Could you reproduce every record below exactly as written?

__RECORDS FOR THIS TASK__
------------------------

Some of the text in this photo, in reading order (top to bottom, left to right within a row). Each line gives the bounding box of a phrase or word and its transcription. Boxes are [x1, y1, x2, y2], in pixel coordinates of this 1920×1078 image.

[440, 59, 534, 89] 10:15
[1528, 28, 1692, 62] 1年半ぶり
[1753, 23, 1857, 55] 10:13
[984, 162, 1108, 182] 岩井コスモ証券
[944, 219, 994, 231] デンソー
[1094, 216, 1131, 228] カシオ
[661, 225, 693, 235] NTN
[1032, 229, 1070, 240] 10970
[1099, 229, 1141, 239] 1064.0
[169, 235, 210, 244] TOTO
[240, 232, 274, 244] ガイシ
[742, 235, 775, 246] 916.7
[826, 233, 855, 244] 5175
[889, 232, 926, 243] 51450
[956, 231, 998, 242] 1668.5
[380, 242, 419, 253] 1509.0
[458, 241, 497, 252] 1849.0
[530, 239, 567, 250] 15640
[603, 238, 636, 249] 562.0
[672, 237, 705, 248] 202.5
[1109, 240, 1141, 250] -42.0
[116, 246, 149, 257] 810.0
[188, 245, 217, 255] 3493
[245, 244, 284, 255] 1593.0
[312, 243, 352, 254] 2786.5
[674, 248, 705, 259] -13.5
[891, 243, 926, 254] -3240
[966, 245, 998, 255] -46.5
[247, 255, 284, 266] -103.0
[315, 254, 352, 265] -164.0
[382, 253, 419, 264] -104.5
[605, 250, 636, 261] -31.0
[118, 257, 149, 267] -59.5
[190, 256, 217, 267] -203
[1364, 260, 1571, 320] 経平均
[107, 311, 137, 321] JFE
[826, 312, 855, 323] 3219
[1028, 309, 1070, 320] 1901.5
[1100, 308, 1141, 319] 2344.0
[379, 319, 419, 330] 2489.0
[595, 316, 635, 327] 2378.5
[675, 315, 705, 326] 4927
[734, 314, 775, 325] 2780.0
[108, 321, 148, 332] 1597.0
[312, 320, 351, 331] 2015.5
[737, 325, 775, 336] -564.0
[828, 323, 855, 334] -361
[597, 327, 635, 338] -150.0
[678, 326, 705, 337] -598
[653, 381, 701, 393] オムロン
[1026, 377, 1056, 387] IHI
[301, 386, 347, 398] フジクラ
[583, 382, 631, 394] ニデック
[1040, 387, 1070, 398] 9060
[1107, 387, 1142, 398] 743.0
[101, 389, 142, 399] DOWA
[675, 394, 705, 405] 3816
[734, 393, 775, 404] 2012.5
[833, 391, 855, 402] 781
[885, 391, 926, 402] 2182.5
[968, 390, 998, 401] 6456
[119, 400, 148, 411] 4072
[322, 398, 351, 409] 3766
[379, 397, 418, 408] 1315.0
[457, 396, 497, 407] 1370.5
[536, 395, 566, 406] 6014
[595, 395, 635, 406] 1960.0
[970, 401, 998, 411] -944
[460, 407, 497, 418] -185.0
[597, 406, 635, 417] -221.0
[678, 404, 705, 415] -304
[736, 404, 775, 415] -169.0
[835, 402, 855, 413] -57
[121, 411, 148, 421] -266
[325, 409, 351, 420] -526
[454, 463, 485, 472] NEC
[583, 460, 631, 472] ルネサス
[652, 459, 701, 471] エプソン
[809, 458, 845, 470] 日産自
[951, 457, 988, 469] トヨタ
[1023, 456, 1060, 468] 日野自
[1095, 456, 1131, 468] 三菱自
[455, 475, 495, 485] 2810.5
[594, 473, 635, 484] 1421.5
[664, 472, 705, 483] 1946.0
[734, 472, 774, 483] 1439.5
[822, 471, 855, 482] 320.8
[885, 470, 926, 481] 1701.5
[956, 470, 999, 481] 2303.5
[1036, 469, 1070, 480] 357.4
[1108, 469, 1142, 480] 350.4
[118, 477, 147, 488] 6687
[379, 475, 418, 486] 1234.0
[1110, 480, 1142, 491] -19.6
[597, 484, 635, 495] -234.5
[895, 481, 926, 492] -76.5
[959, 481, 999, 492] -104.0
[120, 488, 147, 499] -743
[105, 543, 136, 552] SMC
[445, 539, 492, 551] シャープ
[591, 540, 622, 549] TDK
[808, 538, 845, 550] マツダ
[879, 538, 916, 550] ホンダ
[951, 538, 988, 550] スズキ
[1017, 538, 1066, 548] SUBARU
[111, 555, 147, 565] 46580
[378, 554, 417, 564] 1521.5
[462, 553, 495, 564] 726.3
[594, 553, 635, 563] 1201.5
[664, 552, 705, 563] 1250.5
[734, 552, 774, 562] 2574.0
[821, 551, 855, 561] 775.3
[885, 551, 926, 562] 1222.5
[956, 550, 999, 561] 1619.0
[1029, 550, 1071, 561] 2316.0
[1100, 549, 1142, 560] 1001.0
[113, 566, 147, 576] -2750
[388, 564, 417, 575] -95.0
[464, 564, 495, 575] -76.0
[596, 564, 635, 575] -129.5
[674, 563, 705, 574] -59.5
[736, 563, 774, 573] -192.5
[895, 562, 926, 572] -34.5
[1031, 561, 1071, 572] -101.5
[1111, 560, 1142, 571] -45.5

------------------------

__FINAL ANSWER__
Some of the text in this photo, in reading order (top to bottom, left to right within a row). Each line gives the bounding box of a phrase or word and its transcription. Boxes are [x1, y1, x2, y2], in pixel coordinates of this 1920×1078 image.

[440, 59, 534, 89] 10:15
[1528, 28, 1692, 62] 1年半ぶり
[1753, 23, 1857, 55] 10:13
[984, 162, 1108, 182] 岩井コスモ証券
[944, 219, 994, 231] デンソー
[1094, 216, 1131, 228] カシオ
[661, 225, 693, 235] NTN
[1032, 229, 1070, 240] 10970
[1099, 229, 1141, 239] 1064.0
[169, 235, 210, 244] TOTO
[240, 232, 274, 244] ガイシ
[742, 235, 775, 246] 916.7
[826, 233, 855, 244] 5175
[889, 232, 926, 243] 51450
[956, 231, 998, 242] 1668.5
[380, 242, 419, 253] 1509.0
[458, 241, 497, 252] 1849.0
[530, 239, 567, 250] 15640
[603, 238, 636, 249] 562.0
[672, 237, 705, 248] 202.5
[1109, 240, 1141, 250] -42.0
[116, 246, 149, 257] 810.0
[188, 245, 217, 255] 3493
[245, 244, 284, 255] 1593.0
[312, 243, 352, 254] 2786.5
[674, 248, 705, 259] -13.5
[891, 243, 926, 254] -3240
[966, 245, 998, 255] -46.5
[247, 255, 284, 266] -103.0
[315, 254, 352, 265] -164.0
[382, 253, 419, 264] -104.5
[605, 250, 636, 261] -31.0
[118, 257, 149, 267] -59.5
[190, 256, 217, 267] -203
[1364, 260, 1571, 320] 経平均
[107, 311, 137, 321] JFE
[826, 312, 855, 323] 3219
[1028, 309, 1070, 320] 1901.5
[1100, 308, 1141, 319] 2344.0
[379, 319, 419, 330] 2489.0
[595, 316, 635, 327] 2378.5
[675, 315, 705, 326] 4927
[734, 314, 775, 325] 2780.0
[108, 321, 148, 332] 1597.0
[312, 320, 351, 331] 2015.5
[737, 325, 775, 336] -564.0
[828, 323, 855, 334] -361
[597, 327, 635, 338] -150.0
[678, 326, 705, 337] -598
[653, 381, 701, 393] オムロン
[1026, 377, 1056, 387] IHI
[301, 386, 347, 398] フジクラ
[583, 382, 631, 394] ニデック
[1040, 387, 1070, 398] 9060
[1107, 387, 1142, 398] 743.0
[101, 389, 142, 399] DOWA
[675, 394, 705, 405] 3816
[734, 393, 775, 404] 2012.5
[833, 391, 855, 402] 781
[885, 391, 926, 402] 2182.5
[968, 390, 998, 401] 6456
[119, 400, 148, 411] 4072
[322, 398, 351, 409] 3766
[379, 397, 418, 408] 1315.0
[457, 396, 497, 407] 1370.5
[536, 395, 566, 406] 6014
[595, 395, 635, 406] 1960.0
[970, 401, 998, 411] -944
[460, 407, 497, 418] -185.0
[597, 406, 635, 417] -221.0
[678, 404, 705, 415] -304
[736, 404, 775, 415] -169.0
[835, 402, 855, 413] -57
[121, 411, 148, 421] -266
[325, 409, 351, 420] -526
[454, 463, 485, 472] NEC
[583, 460, 631, 472] ルネサス
[652, 459, 701, 471] エプソン
[809, 458, 845, 470] 日産自
[951, 457, 988, 469] トヨタ
[1023, 456, 1060, 468] 日野自
[1095, 456, 1131, 468] 三菱自
[455, 475, 495, 485] 2810.5
[594, 473, 635, 484] 1421.5
[664, 472, 705, 483] 1946.0
[734, 472, 774, 483] 1439.5
[822, 471, 855, 482] 320.8
[885, 470, 926, 481] 1701.5
[956, 470, 999, 481] 2303.5
[1036, 469, 1070, 480] 357.4
[1108, 469, 1142, 480] 350.4
[118, 477, 147, 488] 6687
[379, 475, 418, 486] 1234.0
[1110, 480, 1142, 491] -19.6
[597, 484, 635, 495] -234.5
[895, 481, 926, 492] -76.5
[959, 481, 999, 492] -104.0
[120, 488, 147, 499] -743
[105, 543, 136, 552] SMC
[445, 539, 492, 551] シャープ
[591, 540, 622, 549] TDK
[808, 538, 845, 550] マツダ
[879, 538, 916, 550] ホンダ
[951, 538, 988, 550] スズキ
[1017, 538, 1066, 548] SUBARU
[111, 555, 147, 565] 46580
[378, 554, 417, 564] 1521.5
[462, 553, 495, 564] 726.3
[594, 553, 635, 563] 1201.5
[664, 552, 705, 563] 1250.5
[734, 552, 774, 562] 2574.0
[821, 551, 855, 561] 775.3
[885, 551, 926, 562] 1222.5
[956, 550, 999, 561] 1619.0
[1029, 550, 1071, 561] 2316.0
[1100, 549, 1142, 560] 1001.0
[113, 566, 147, 576] -2750
[388, 564, 417, 575] -95.0
[464, 564, 495, 575] -76.0
[596, 564, 635, 575] -129.5
[674, 563, 705, 574] -59.5
[736, 563, 774, 573] -192.5
[895, 562, 926, 572] -34.5
[1031, 561, 1071, 572] -101.5
[1111, 560, 1142, 571] -45.5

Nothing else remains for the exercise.